Give the records again exactly, but drop the pictures.
::: Recorded information :::
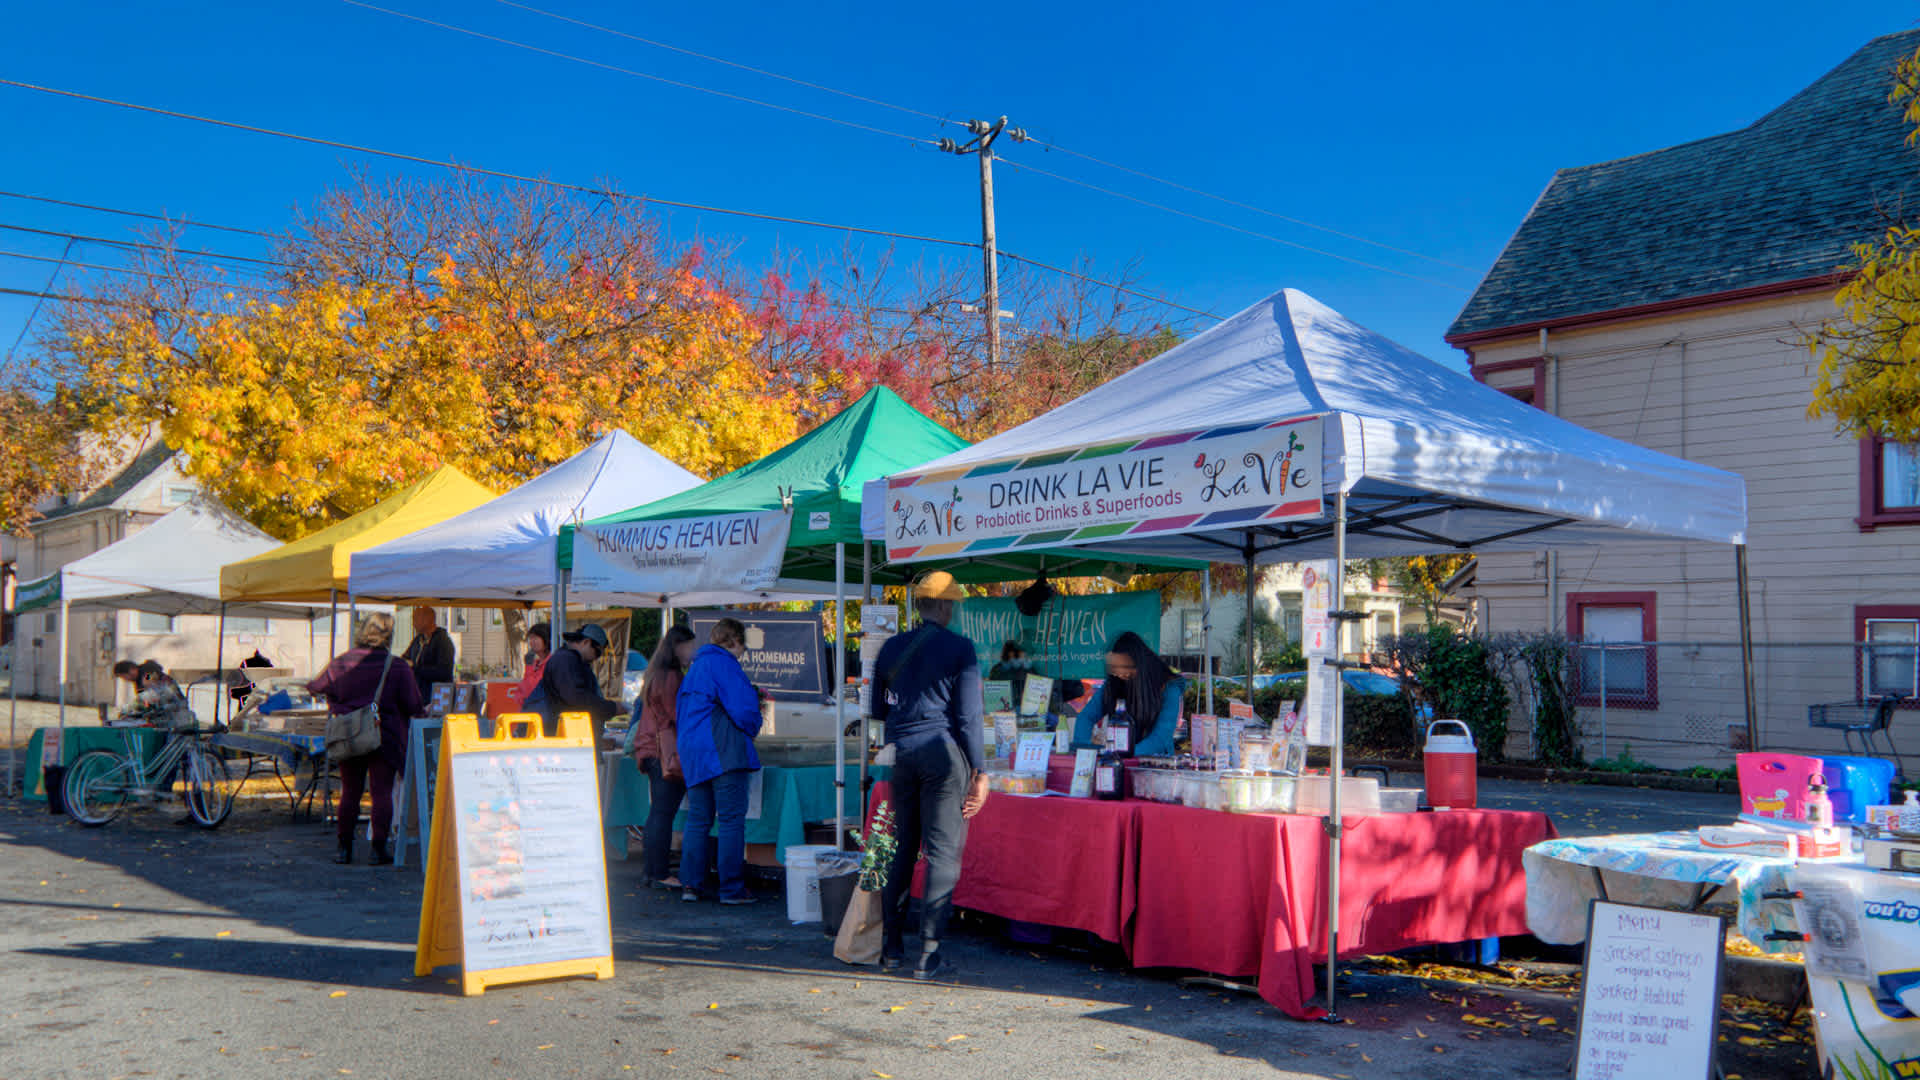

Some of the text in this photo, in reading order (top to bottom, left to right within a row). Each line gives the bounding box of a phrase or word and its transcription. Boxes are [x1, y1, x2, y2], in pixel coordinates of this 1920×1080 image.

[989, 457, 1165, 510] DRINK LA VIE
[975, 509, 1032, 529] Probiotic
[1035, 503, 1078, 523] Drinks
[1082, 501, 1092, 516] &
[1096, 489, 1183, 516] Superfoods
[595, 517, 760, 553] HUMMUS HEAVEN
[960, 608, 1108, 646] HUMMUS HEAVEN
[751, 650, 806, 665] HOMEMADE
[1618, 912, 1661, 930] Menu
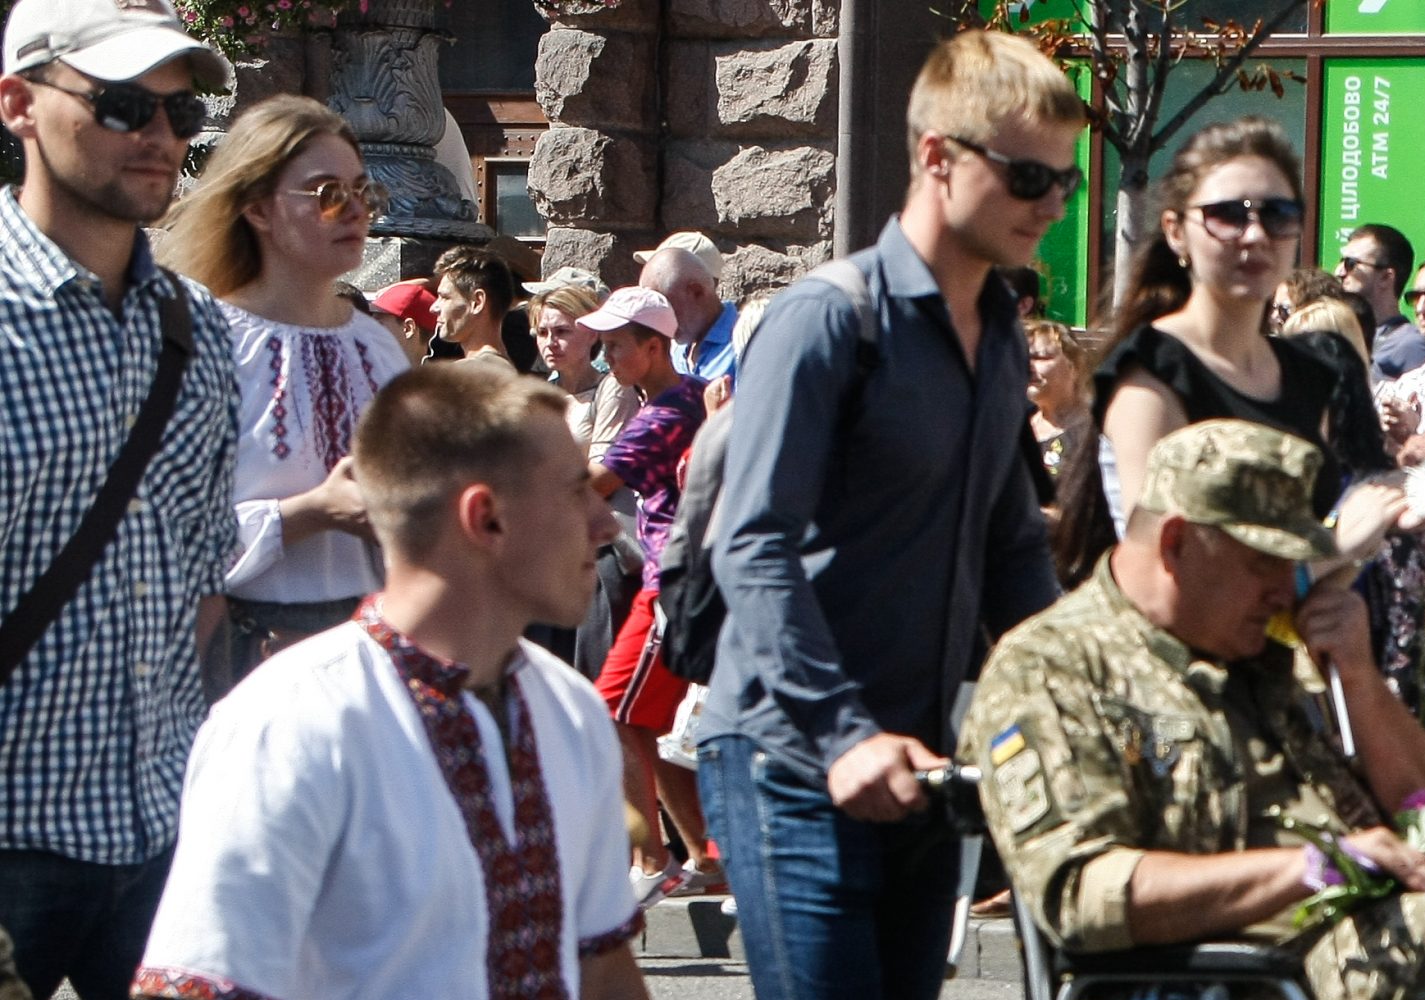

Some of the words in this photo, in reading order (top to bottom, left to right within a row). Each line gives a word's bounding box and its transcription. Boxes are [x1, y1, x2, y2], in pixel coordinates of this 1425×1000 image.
:::
## Completed task
Some of the text in this photo, in reading order (top to bottom, left to right within a row). Each line gives the bounding box of a phrase or word and its transcription. Boxes are [x1, y1, x2, y2], in pixel coordinates of this 1920×1080 image.

[989, 457, 1165, 510] DRINK LA VIE
[975, 509, 1032, 529] Probiotic
[1035, 503, 1078, 523] Drinks
[1082, 501, 1092, 516] &
[1096, 489, 1183, 516] Superfoods
[595, 517, 760, 553] HUMMUS HEAVEN
[960, 608, 1108, 646] HUMMUS HEAVEN
[751, 650, 806, 665] HOMEMADE
[1618, 912, 1661, 930] Menu

Some of the words in this photo, in reading order (top to bottom, left to right within a row). Each line gives a word's bounding box and its transcription. Boxes are [x1, y1, x2, y2], in pixel coordinates of this 1425×1000 image.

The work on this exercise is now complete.